**What to do**
The reply should contain every line of the data, repeated exactly, and no pictures.

**Collected data**
* * * * *

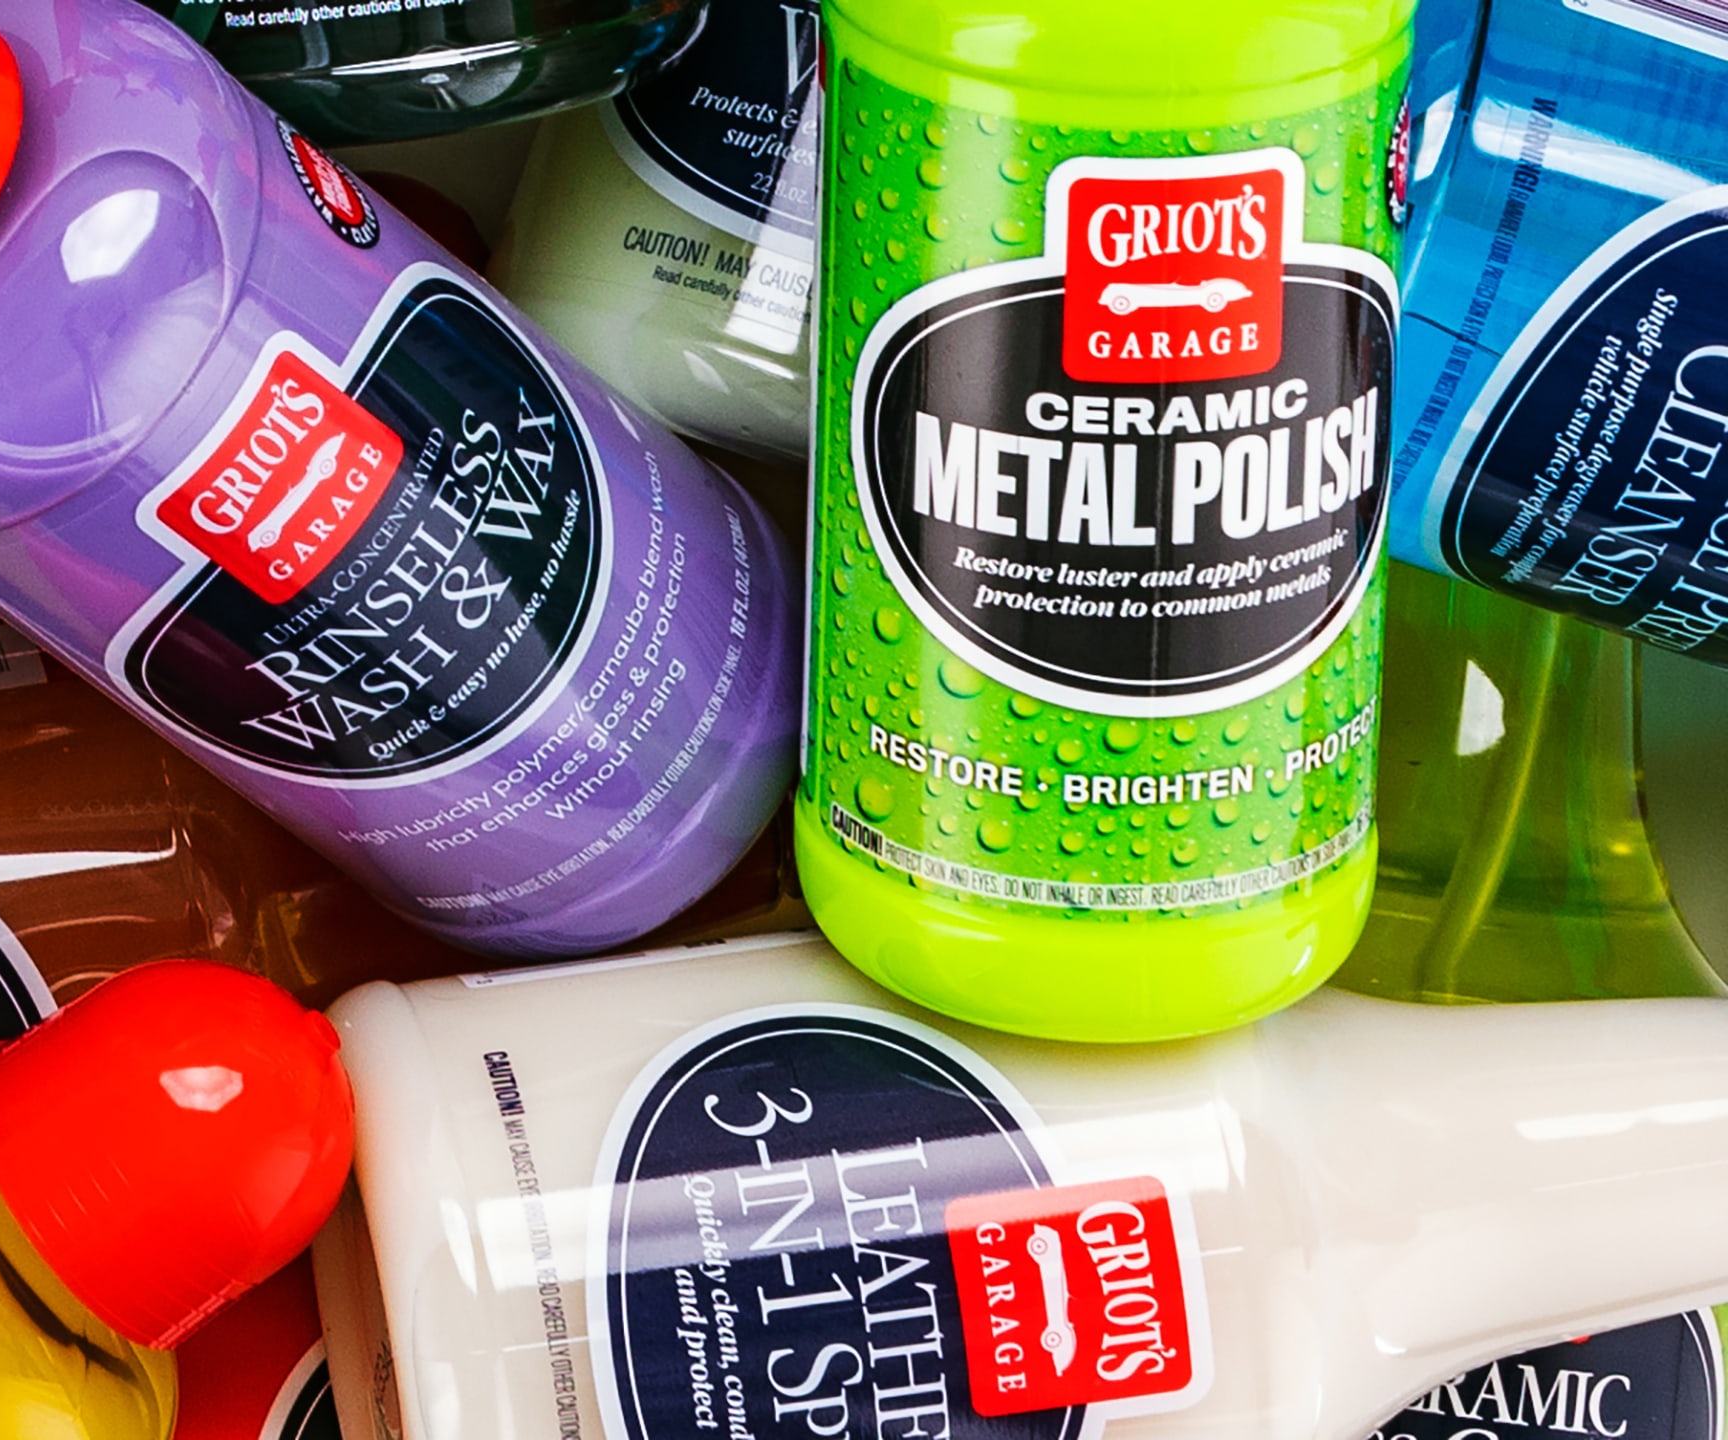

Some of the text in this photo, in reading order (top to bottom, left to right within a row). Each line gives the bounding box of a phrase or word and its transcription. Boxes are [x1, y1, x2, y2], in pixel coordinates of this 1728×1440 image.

[225, 1, 402, 27] Read carefully other cautions
[690, 86, 778, 124] Protects
[723, 128, 816, 166] surfaces
[750, 172, 774, 193] 22
[1513, 97, 1559, 194] WARNING!
[623, 227, 756, 279] CAUTION! MAY
[653, 266, 732, 301] Read carefully
[1087, 184, 1267, 267] GRIOT'S
[1025, 378, 1308, 436] CERAMIC
[1088, 323, 1259, 359] GARAGE
[1554, 288, 1679, 530] Single purpose degreaser
[1580, 334, 1622, 410] vehicle
[190, 379, 325, 534] GRIOT'S
[268, 443, 382, 581] GARAGE
[913, 387, 1379, 546] METAL POLISH
[1550, 344, 1728, 606] CLEANSER
[241, 387, 556, 751] WASH & WAX
[245, 408, 501, 701] RINSELESS
[264, 426, 444, 646] ULTRA-CONCENTRATED
[953, 527, 1350, 590] Restore luster and apply ceramic
[974, 565, 1331, 618] protection to common metals
[368, 487, 582, 761] Quick easy no hose, no hassle
[394, 451, 665, 838] lubricity polymer/carnauba blend wash
[426, 532, 686, 855] that enhances gloss & protection
[545, 657, 686, 821] Without rinsing
[870, 724, 1023, 797] RESTORE
[1063, 763, 1253, 805] BRIGHTEN
[831, 804, 884, 857] CAUTION!
[483, 1050, 575, 1394] CAUTION! OTHER
[683, 1174, 732, 1285] Quickly
[711, 1290, 741, 1370] clean,
[704, 1087, 854, 1325] 3-IN-1
[674, 1268, 719, 1430] and protect
[832, 1137, 952, 1440] LEATHE
[976, 1222, 1027, 1392] GARAGE
[1076, 1200, 1177, 1381] GRIOT'S

* * * * *

**Written solution**
Some of the text in this photo, in reading order (top to bottom, left to right within a row). Each line gives the bounding box of a phrase or word and its transcription. Boxes are [x1, y1, x2, y2], in pixel coordinates of this 1728×1440 image.

[225, 1, 402, 27] Read carefully other cautions
[690, 86, 778, 124] Protects
[723, 128, 816, 166] surfaces
[750, 172, 774, 193] 22
[1513, 97, 1559, 194] WARNING!
[623, 227, 756, 279] CAUTION! MAY
[653, 266, 732, 301] Read carefully
[1087, 184, 1267, 267] GRIOT'S
[1025, 378, 1308, 436] CERAMIC
[1088, 323, 1259, 359] GARAGE
[1554, 288, 1679, 530] Single purpose degreaser
[1580, 334, 1622, 410] vehicle
[190, 379, 325, 534] GRIOT'S
[268, 443, 382, 581] GARAGE
[913, 387, 1379, 546] METAL POLISH
[1550, 344, 1728, 606] CLEANSER
[241, 387, 556, 751] WASH & WAX
[245, 408, 501, 701] RINSELESS
[264, 426, 444, 646] ULTRA-CONCENTRATED
[953, 527, 1350, 590] Restore luster and apply ceramic
[974, 565, 1331, 618] protection to common metals
[368, 487, 582, 761] Quick easy no hose, no hassle
[394, 451, 665, 838] lubricity polymer/carnauba blend wash
[426, 532, 686, 855] that enhances gloss & protection
[545, 657, 686, 821] Without rinsing
[870, 724, 1023, 797] RESTORE
[1063, 763, 1253, 805] BRIGHTEN
[831, 804, 884, 857] CAUTION!
[483, 1050, 575, 1394] CAUTION! OTHER
[683, 1174, 732, 1285] Quickly
[711, 1290, 741, 1370] clean,
[704, 1087, 854, 1325] 3-IN-1
[674, 1268, 719, 1430] and protect
[832, 1137, 952, 1440] LEATHE
[976, 1222, 1027, 1392] GARAGE
[1076, 1200, 1177, 1381] GRIOT'S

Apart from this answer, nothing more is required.